最初に腕や腹筋がつらいとお話ししましたが、実はもっと重大な損傷個所があります。

それはお尻(正確には尾てい骨付近)の皮がむけるということです。

 

木の板に腰かけた状態でお尻を基点して激しく前後に運動するのため、過去の生活で鍛えようのないお尻の皮が無残にもすりむけてしまいます。

対策として野球部のスライディングパッドを履いてみたりしましたが、解決には至らず、すりむいて治りかけてまたすりむいての繰り返しとなります。

 

そのうち段々と尻の皮も厚くなりむけなくなってくるのですが、夏場にかけては傷口が化膿しやすく苦労しました。

夏服は白いズボンなので、汁が出てくると洗濯が大変なのです。

 

また、傷口を自分自身では消毒したり薬を塗ったりできないので、四つん這いになった状態で同期に薬を塗ってもらうことになります。
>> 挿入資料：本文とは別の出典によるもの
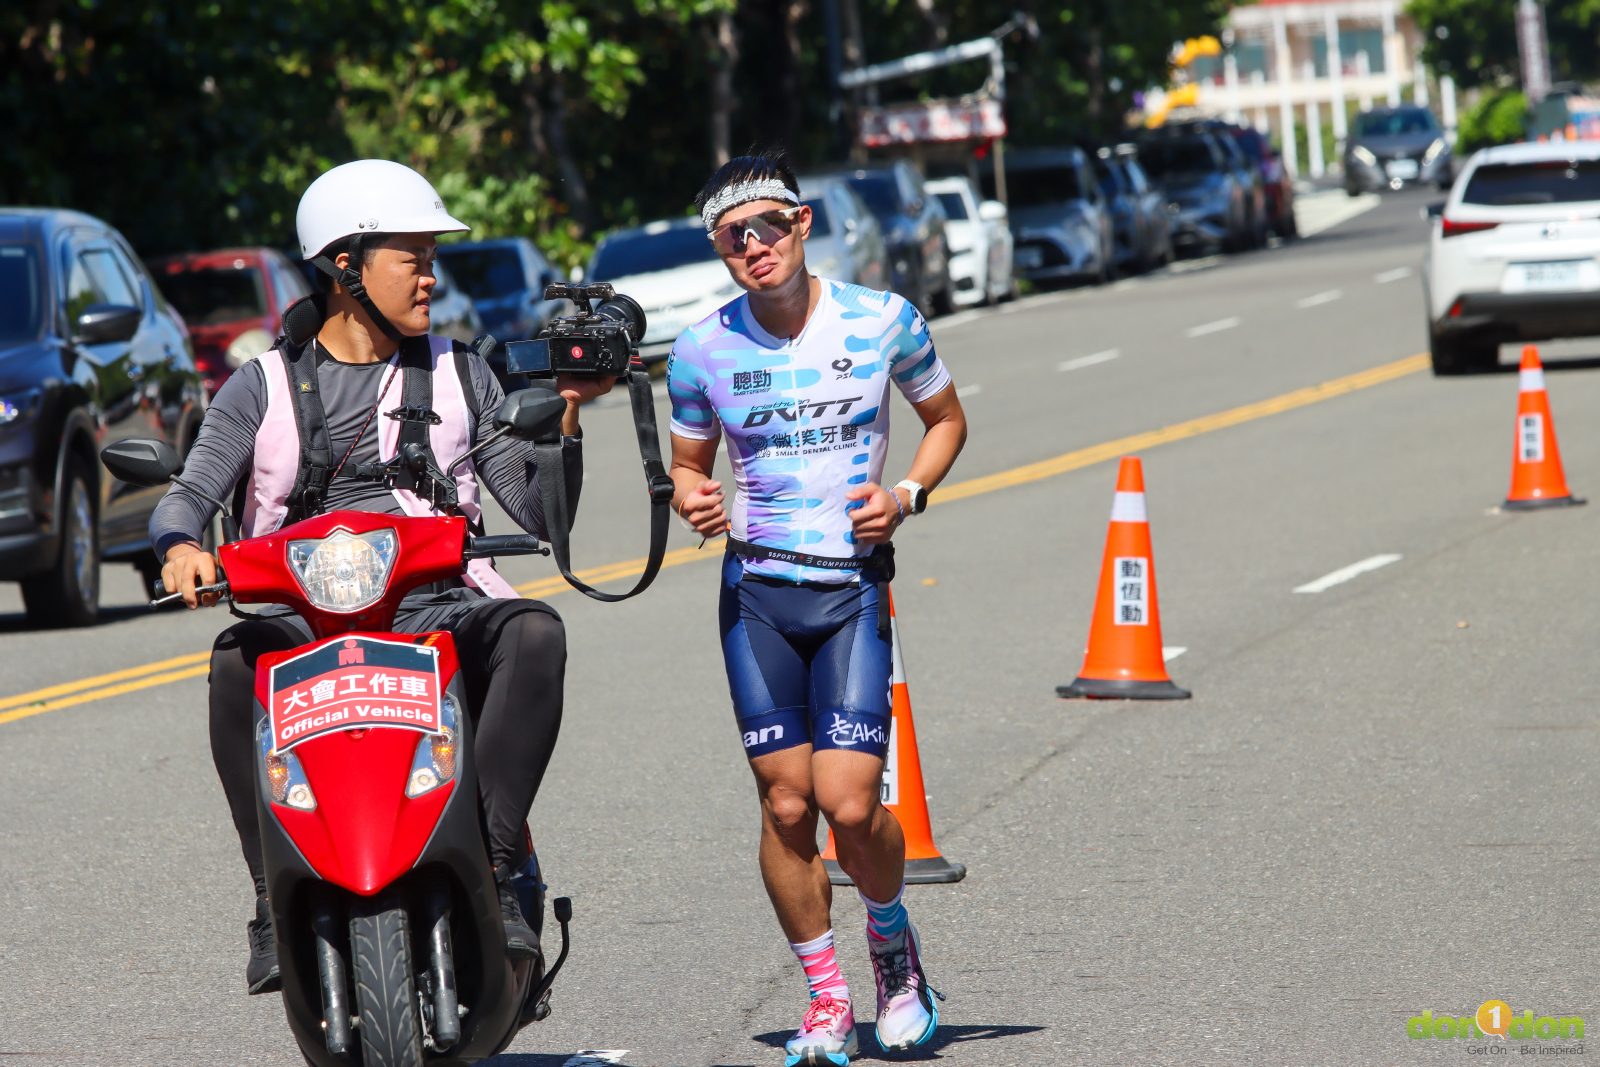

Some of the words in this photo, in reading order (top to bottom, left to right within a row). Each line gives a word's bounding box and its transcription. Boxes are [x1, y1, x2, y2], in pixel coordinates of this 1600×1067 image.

(経験上赤チンが一番効きます)

皮が薄く、神経も集中している部分なので相当にしみます。

 

ということで部屋のあちこちで四つん這いになった同期が絶叫しているという地獄絵図が繰り広げられるのです。

もっともそういう稀有な体験だからこそ、今でも懐かしく思い出すことができるし同期会でも話に花が咲くのでしょうね。